Expand key-value pairs from a cell to multiple columns

mpreusse · September 17, 2021, 3:02pm

I have a table that contains a field with key value pairs (it’s a gff file).

Each row contains a different set of key value pairs in that field.

Parent=transcript:ENST00000417324;Name=ENSE00001727627;constitutive=0;ensembl_end_phase=-1;ensembl_phase=-1;exon_id=ENSE00001727627;rank=3;version=1
ID=CDS:ENSP00000493376;Parent=transcript:ENST00000641515;protein_id=ENSP00000493376

I would like to map the values into new columns with the keys as headers. I tried the ‘Cell Splitter’ already but that works best for a fixed split with a fixed output.

Do you have any pointers how to approach this?

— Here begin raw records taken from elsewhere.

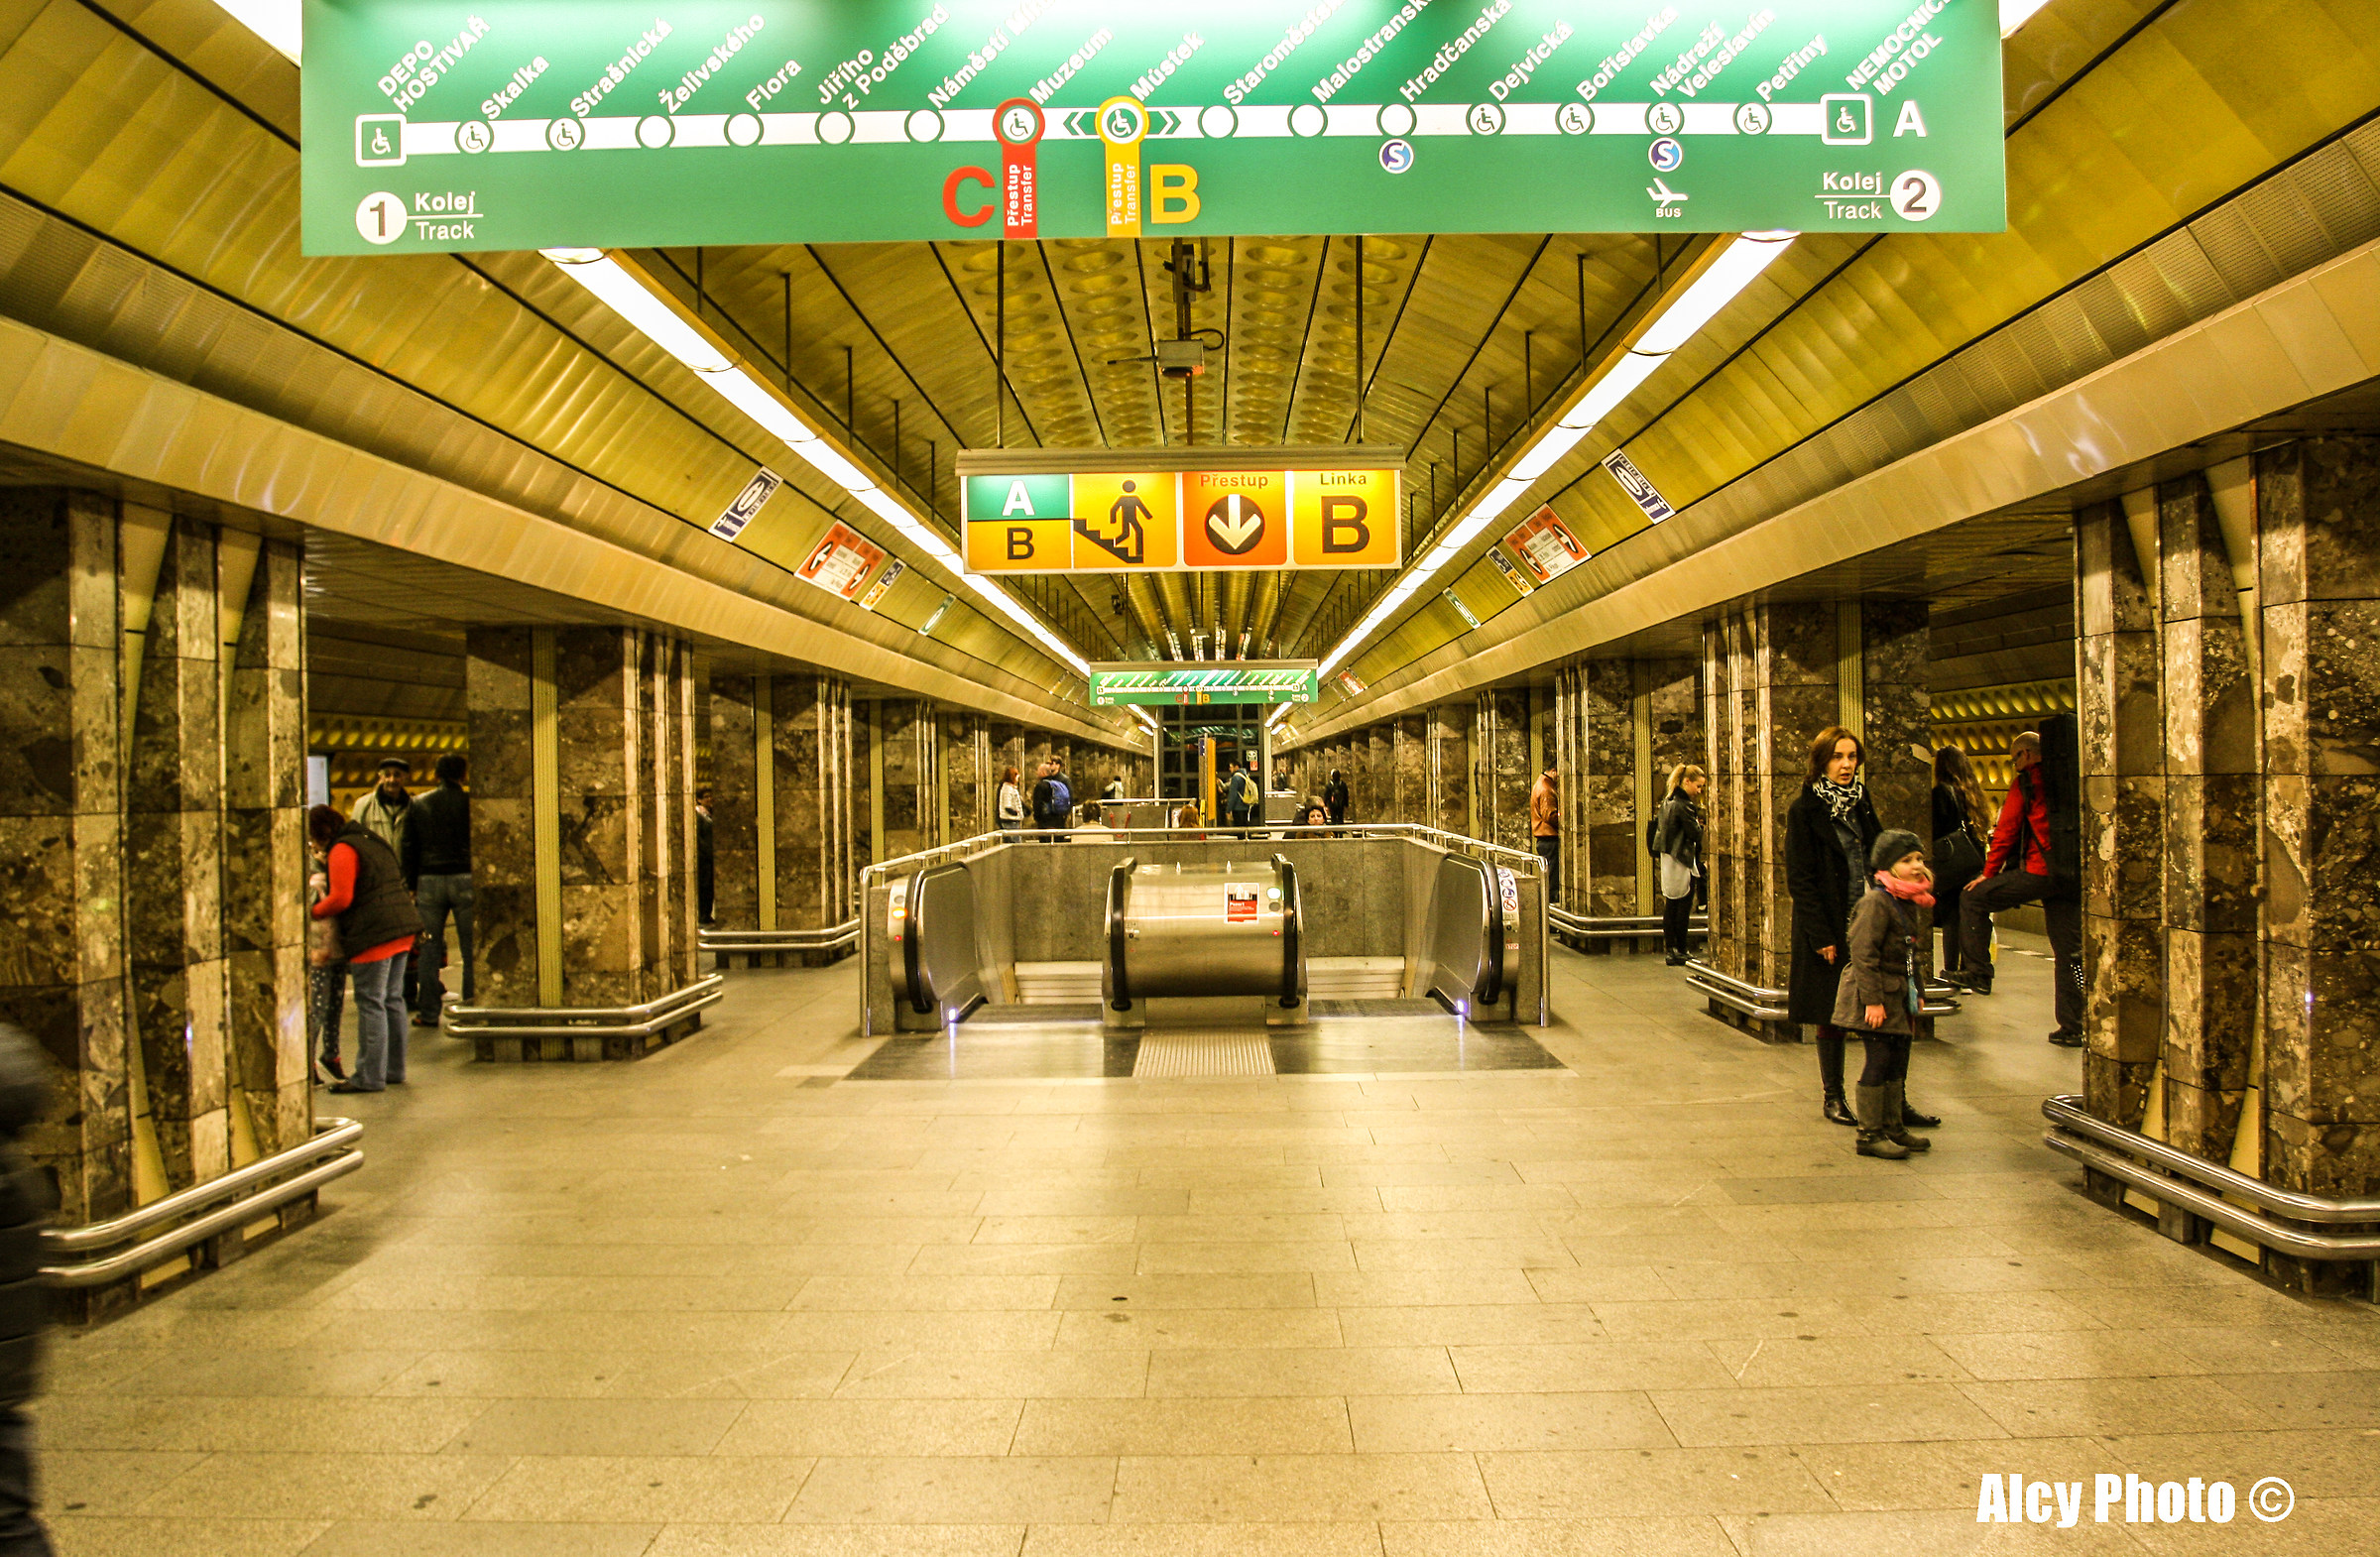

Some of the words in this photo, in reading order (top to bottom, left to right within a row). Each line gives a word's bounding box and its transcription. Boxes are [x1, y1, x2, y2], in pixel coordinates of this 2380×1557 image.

[377, 40, 434, 97] DEPO
[393, 14, 491, 113] HOSTIVAŘ
[569, 17, 673, 117] Strašnická
[657, 14, 765, 114] Želivského
[842, 92, 860, 110] z
[855, 2, 950, 95] Poděbrad
[927, 26, 1011, 109] Náměstí
[1027, 27, 1115, 105] Muzeum
[1223, 0, 1346, 105] Staroměstsk
[1311, 0, 1432, 103] Malostransk
[1488, 20, 1575, 101] Dejvická
[1575, 5, 1680, 101] Bořislavka
[1649, 20, 1726, 97] Nádraží
[1676, 8, 1776, 98] Veleslavín
[1755, 33, 1830, 102] Petřiny
[1844, 0, 1952, 92] NEMOCNIC
[1871, 32, 1944, 95] MOTOL
[480, 56, 549, 120] Skalka
[745, 60, 802, 111] Flora
[818, 49, 874, 104] Jiřího
[1892, 100, 1928, 138] A
[415, 190, 476, 214] Kolej
[942, 166, 996, 228] C
[1007, 164, 1020, 226] Přestup
[1020, 165, 1033, 226] Transfer
[1125, 164, 1136, 224] Transfer
[1150, 164, 1201, 224] B
[1655, 207, 1683, 218] BUS
[1822, 172, 1883, 195] Kolej
[1823, 200, 1883, 220] Track
[1902, 177, 1928, 213] 2
[369, 199, 386, 237] 1
[415, 220, 475, 240] Track
[1002, 480, 1035, 516] A
[1200, 473, 1268, 489] Přestup
[1320, 472, 1368, 486] Linka
[1006, 527, 1035, 560] B
[1321, 495, 1370, 553] B
[1175, 694, 1184, 704] C
[1202, 693, 1211, 704] B
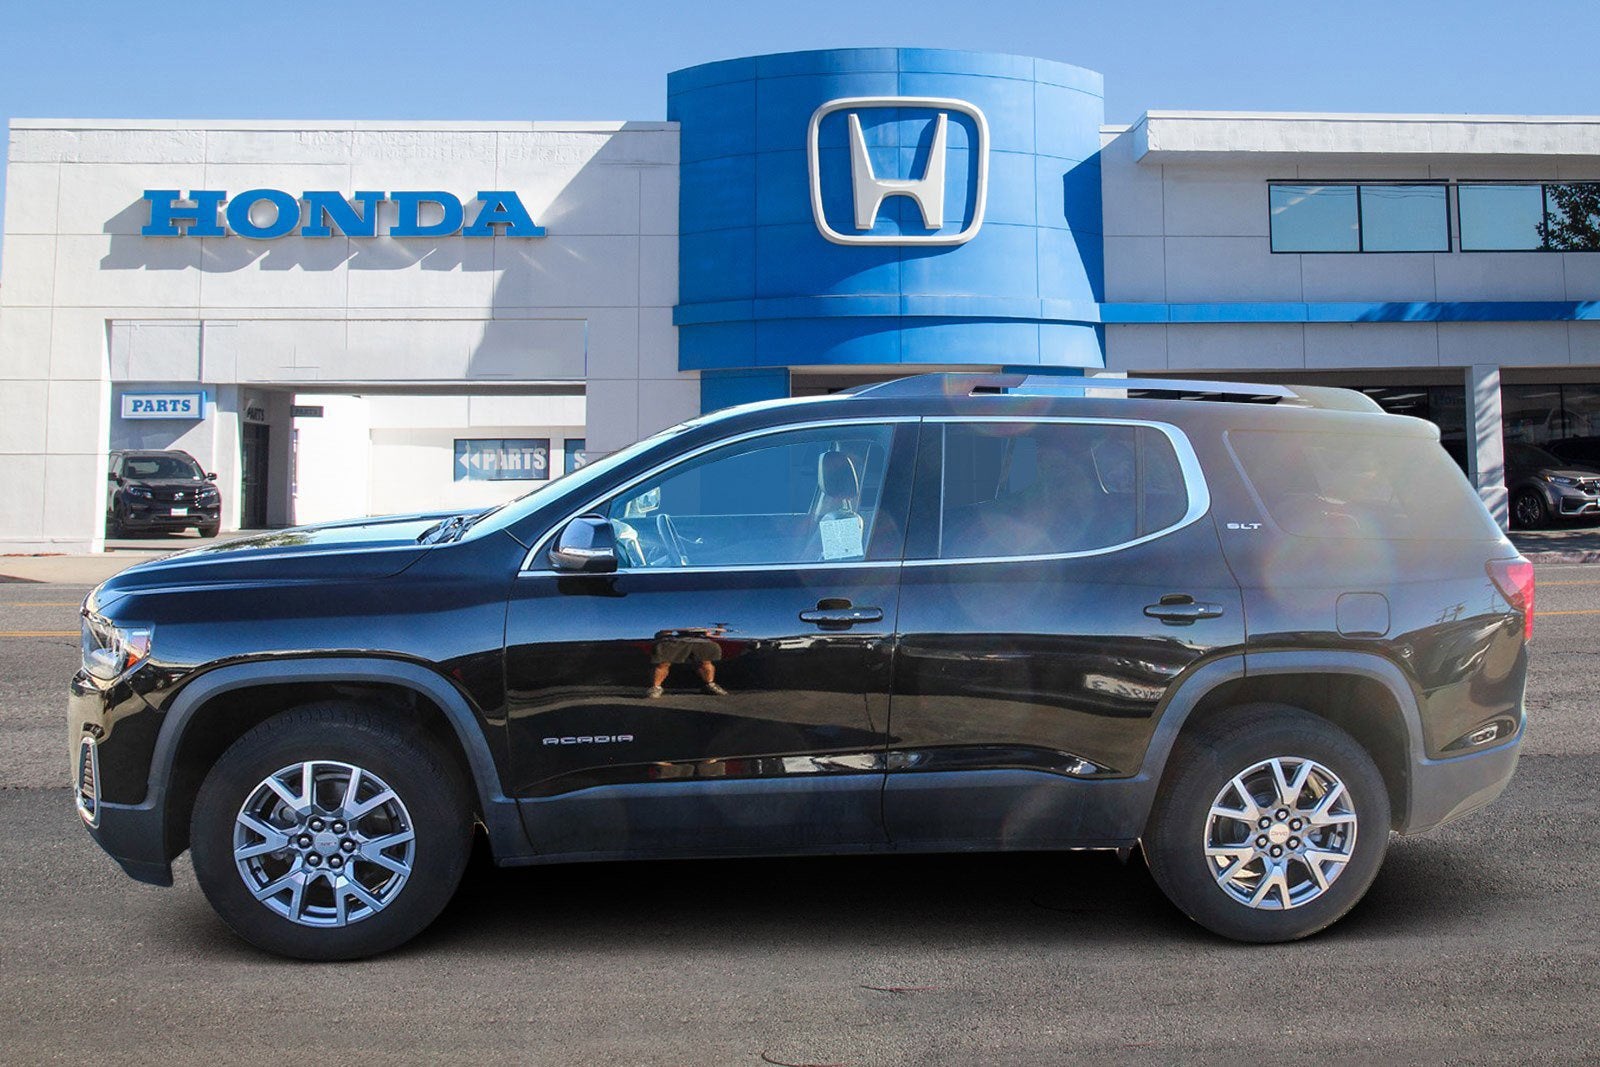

bruno29a · September 17, 2021, 8:23pm

Hi @mpreusse and welcome to the Knime community.

You can use Cell Splitter, but there are more operations to be added to accomplish what you want to do.

The main challenge here is that your records might not all have the same keys. For this type of structure, I usually use JSON, as that’s exactly how a JSON “structure” is, and also because converting JSON to a table, Knime will automatically create the necessary columns dynamically.

If I look at your data, I am assuming that each pair is delimited by a semi-colon (;), and that a pairing of key value is determined by key=value format. I am assuming it’s 2 lines, therefore 2 records, is that correct? I’m making this assumption because I see the key Parent repeating.

I have put something together based on these assumptions, and here are the results:

The workflow looks like this:

And I used the input that you gave:

Here’s the workflow: Expand key-value pairs into columns.knwf (10.4 KB)

mpreusse · September 18, 2021, 8:02am

Thanks @bruno29a, that is a really elegant solution!

I am new to KNIME and did not know about the JSON nodes before.

Next step is to run it in parallel because I have around 3 million rows with the key value pairs

bruno29a · September 18, 2021, 3:17pm

No problem @mpreusse , it should still work with 3 million rows. It’ll just require some memory, and will take longer to run.

mpreusse · September 19, 2021, 9:41am

I tried it without chunking or parallelization and it was really fast, took a few minutes. Really impressive!

bruno29a · September 19, 2021, 1:58pm

Hi @mpreusse , yes, it should be ok without chunking/batches or parallelization. There’s really not much happening there. They’re straight forward operations.

Glad that it worked very well for you.

system · September 26, 2021, 1:58pm

This topic was automatically closed 7 days after the last reply. New replies are no longer allowed.